== Segment start ==
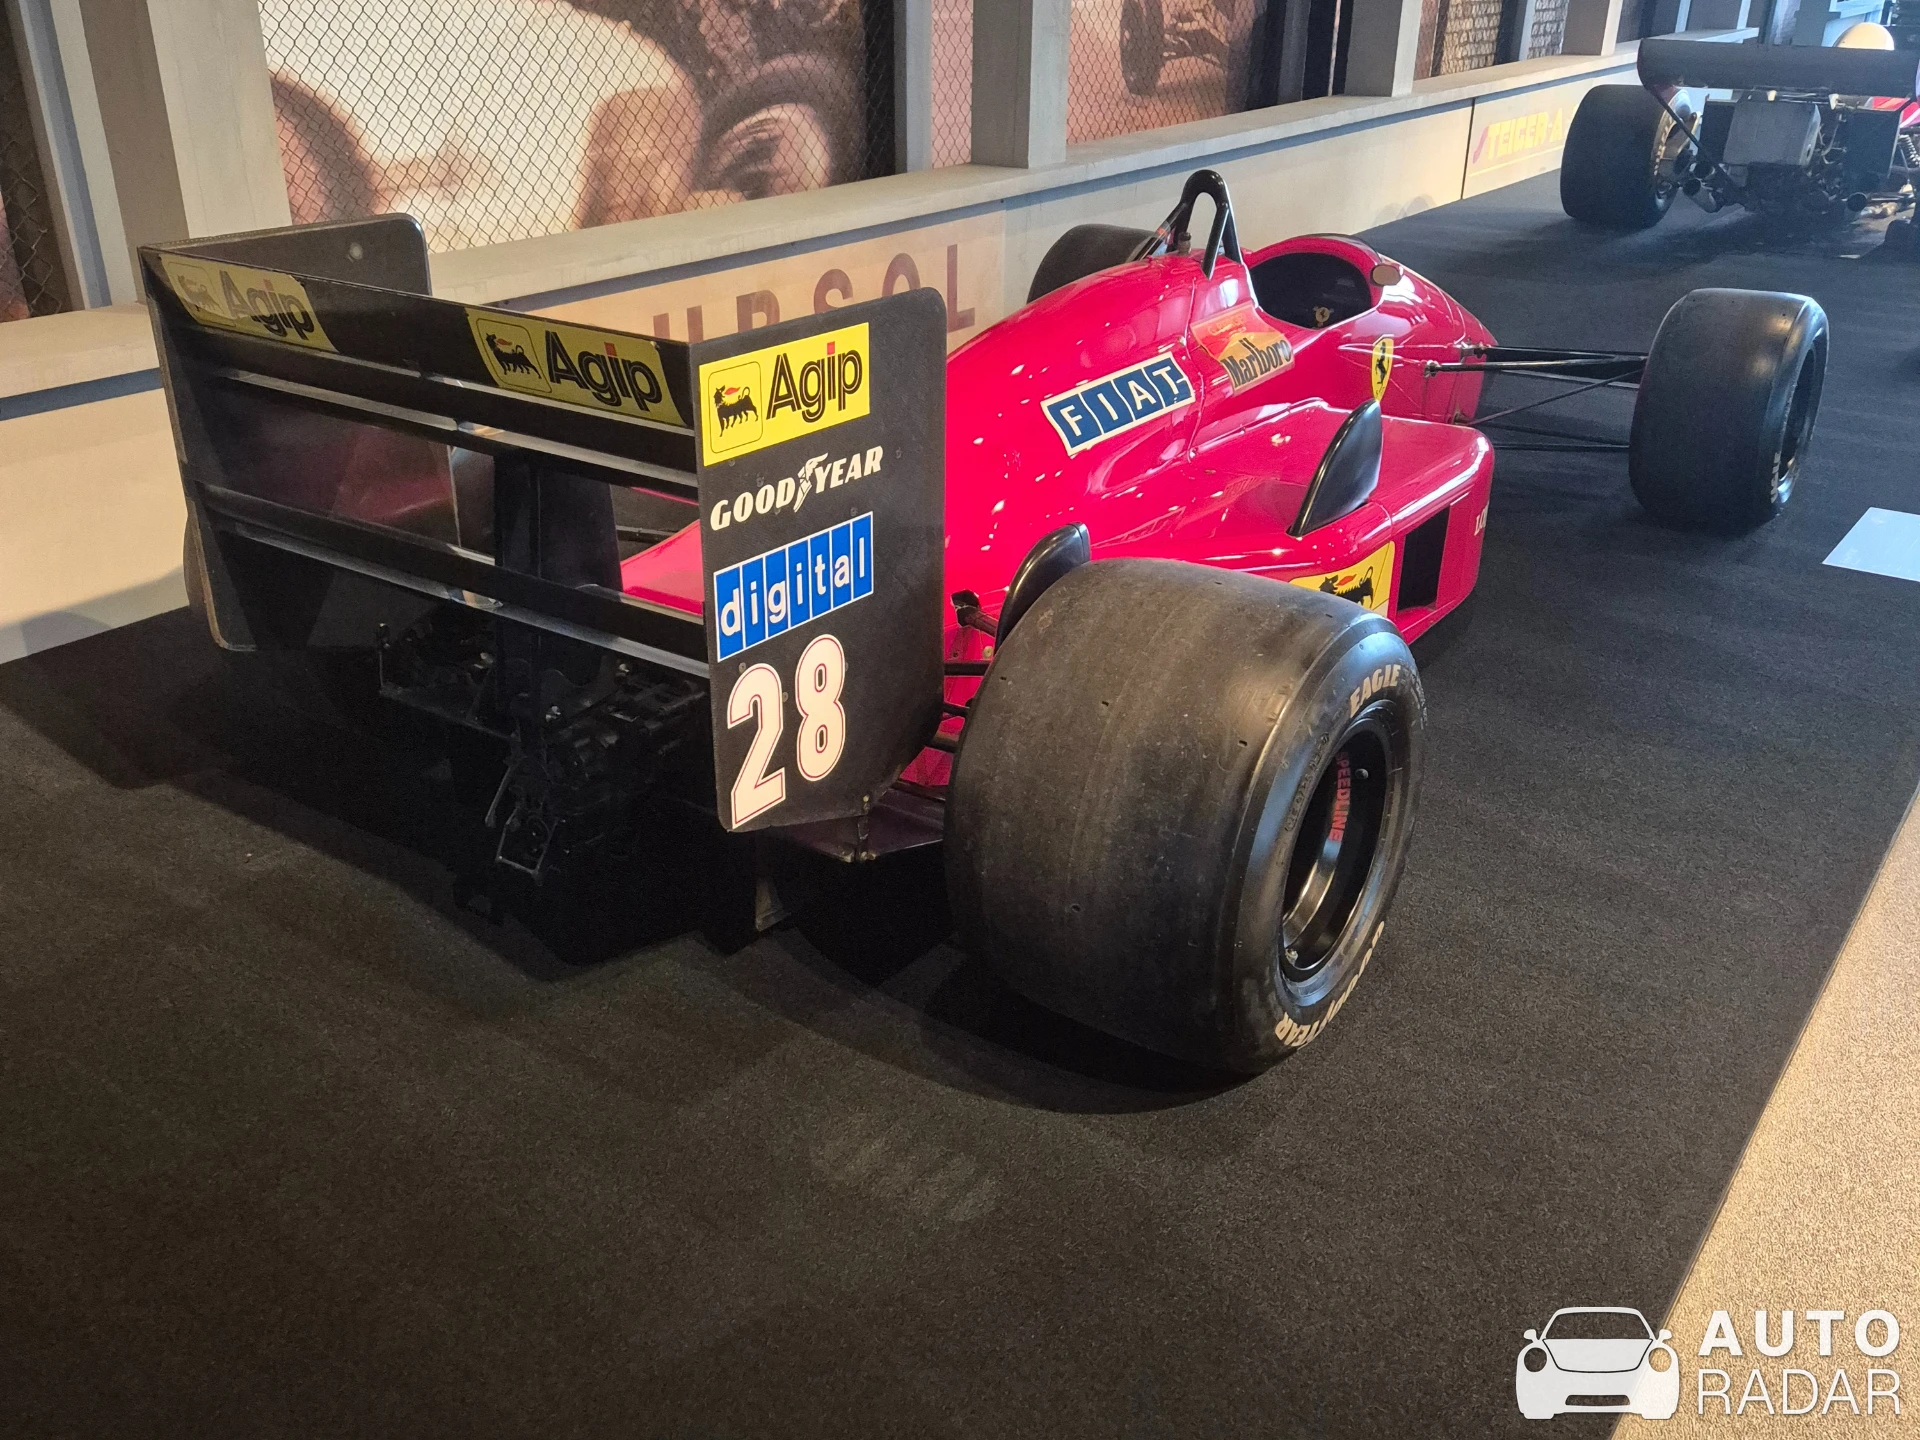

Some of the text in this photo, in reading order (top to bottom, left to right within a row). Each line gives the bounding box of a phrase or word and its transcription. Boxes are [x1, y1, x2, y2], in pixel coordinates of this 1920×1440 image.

[219, 269, 315, 341] Agip
[545, 330, 662, 411] Agip
[767, 341, 862, 423] Agip
[1059, 366, 1181, 436] FIAT
[1220, 337, 1292, 388] Marlboro
[720, 538, 865, 636] digital
[1350, 663, 1402, 718] EAGLE
[727, 634, 846, 829] 28
[1327, 750, 1352, 842] SPEEDLINE
== Segment end ==
▶ What you have to do:
Reproduce the data verbatim and omit each image.

▶ Solved exercise:
Some of the text in this photo, in reading order (top to bottom, left to right within a row). Each line gives the bounding box of a phrase or word and its transcription. Boxes are [x1, y1, x2, y2], in pixel coordinates of this 1920×1440 image.

[219, 269, 315, 341] Agip
[545, 330, 662, 411] Agip
[767, 341, 862, 423] Agip
[1059, 366, 1181, 436] FIAT
[1220, 337, 1292, 388] Marlboro
[720, 538, 865, 636] digital
[1350, 663, 1402, 718] EAGLE
[727, 634, 846, 829] 28
[1327, 750, 1352, 842] SPEEDLINE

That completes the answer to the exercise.